◆ EXERCISE BRIEF
Make an exact copy of each entry, leaving out every picture.

◆ Stored data entries
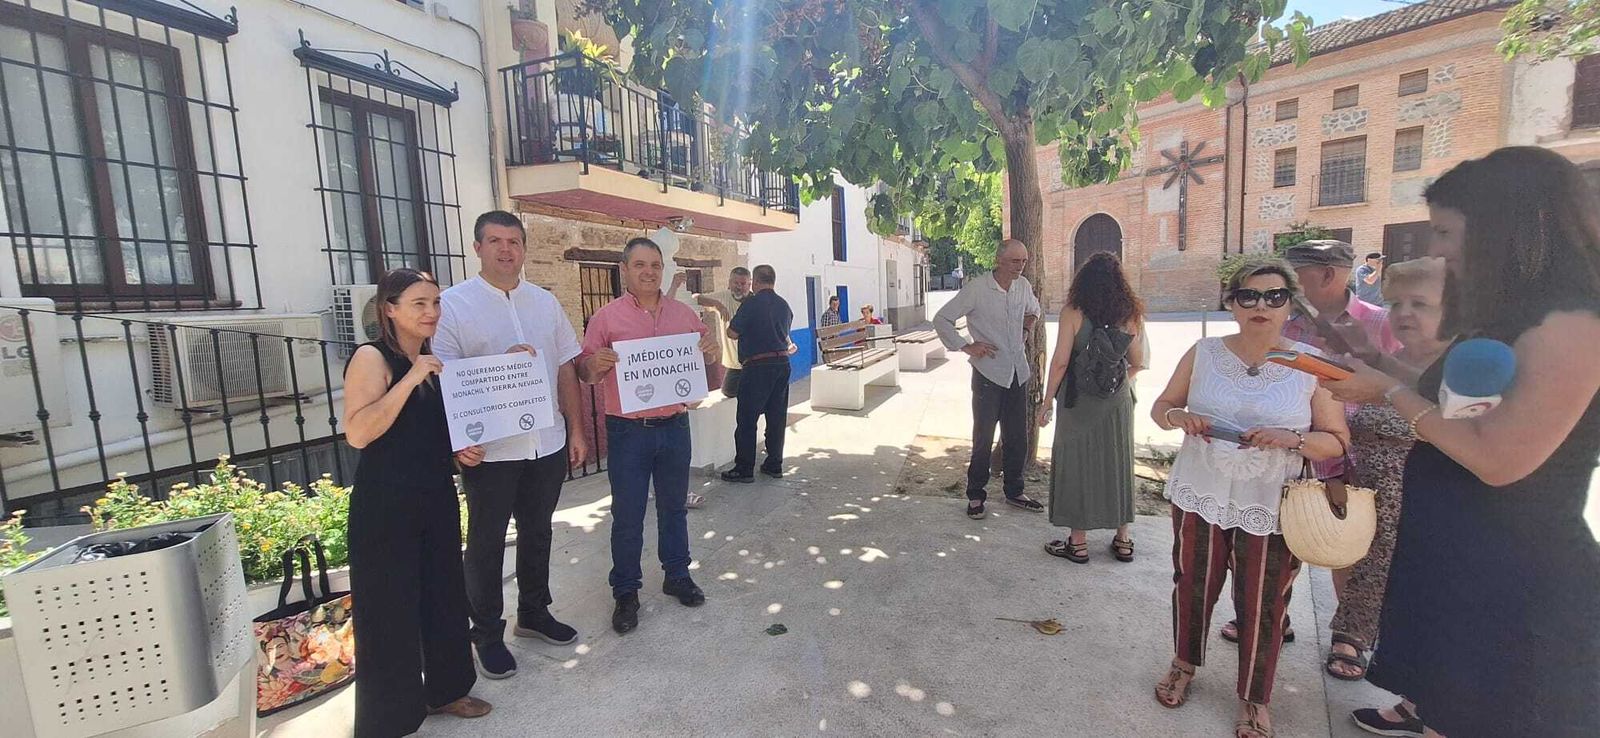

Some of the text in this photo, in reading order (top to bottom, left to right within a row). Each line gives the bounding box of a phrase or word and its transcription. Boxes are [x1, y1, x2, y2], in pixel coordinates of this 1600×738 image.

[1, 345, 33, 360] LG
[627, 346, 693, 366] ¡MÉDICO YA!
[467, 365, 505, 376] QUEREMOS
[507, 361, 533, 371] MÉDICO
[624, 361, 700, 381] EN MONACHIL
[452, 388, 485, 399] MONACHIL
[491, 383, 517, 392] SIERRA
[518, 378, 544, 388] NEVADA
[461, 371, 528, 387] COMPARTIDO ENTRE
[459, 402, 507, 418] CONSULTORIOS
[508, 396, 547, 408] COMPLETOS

◆ TASK SOLUTION
Some of the text in this photo, in reading order (top to bottom, left to right within a row). Each line gives the bounding box of a phrase or word and its transcription. Boxes are [x1, y1, x2, y2], in pixel coordinates of this 1600×738 image.

[1, 345, 33, 360] LG
[627, 346, 693, 366] ¡MÉDICO YA!
[467, 365, 505, 376] QUEREMOS
[507, 361, 533, 371] MÉDICO
[624, 361, 700, 381] EN MONACHIL
[452, 388, 485, 399] MONACHIL
[491, 383, 517, 392] SIERRA
[518, 378, 544, 388] NEVADA
[461, 371, 528, 387] COMPARTIDO ENTRE
[459, 402, 507, 418] CONSULTORIOS
[508, 396, 547, 408] COMPLETOS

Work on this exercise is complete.